I have to define A as A<String> a = new A<>() for this to work properly.

Thanks,

Answer 1

The erasure of the type param T in the declaration T field is String, because T has bound:

<T extends String>

and any subtype of a String is also a String¹.

But, this doesn't apply to generic List<T>. It stems from the fact that generics are not covariant:

List<String> str = new ArrayList<String>();
List<Object> obj = str; // Error: incompatible types (even though String extends Object)

The erasure of List<T> in the declaration List<T> fields is List, particularly because List<T> can hold a String or its subtypes¹. And given that A is a raw type, compiler can't guess the type of the elements in the list returned by the getFields() method.

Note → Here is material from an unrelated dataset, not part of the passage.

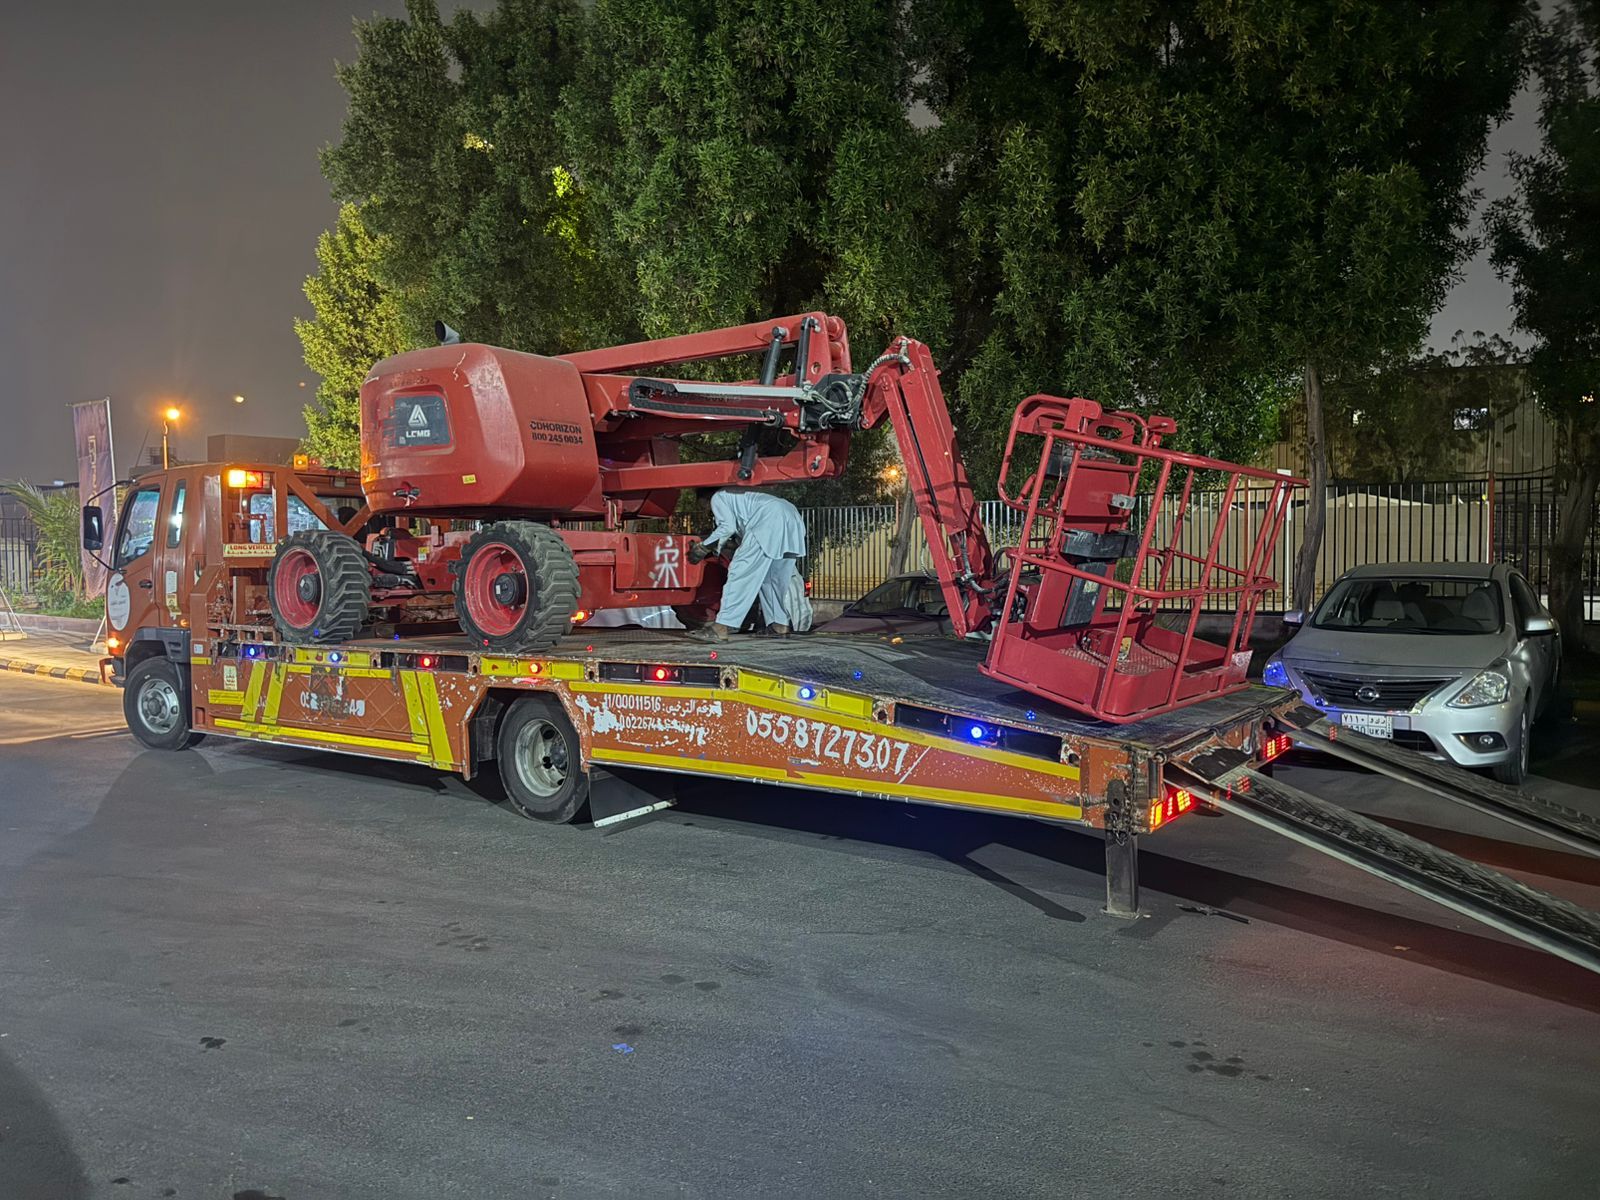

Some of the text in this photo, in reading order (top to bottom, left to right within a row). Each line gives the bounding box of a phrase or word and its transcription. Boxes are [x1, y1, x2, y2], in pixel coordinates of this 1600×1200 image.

Anyway, this line of code:

List<T> fields;

is compiled (Erasure of Generic Types) into:

List fields;

As a result, when you write:

A a = new A();  instead of  A<String> a = new A<>();

you lose the type safety and get an "Unchecked assignment" warning - in this case, compiler can not guarantee that the fields list is exactly the List<String>:

List<String> list = a.getFields(); // Unchecked assignment: 'List' to 'List<String>' ...

P.S. Don't use raw types!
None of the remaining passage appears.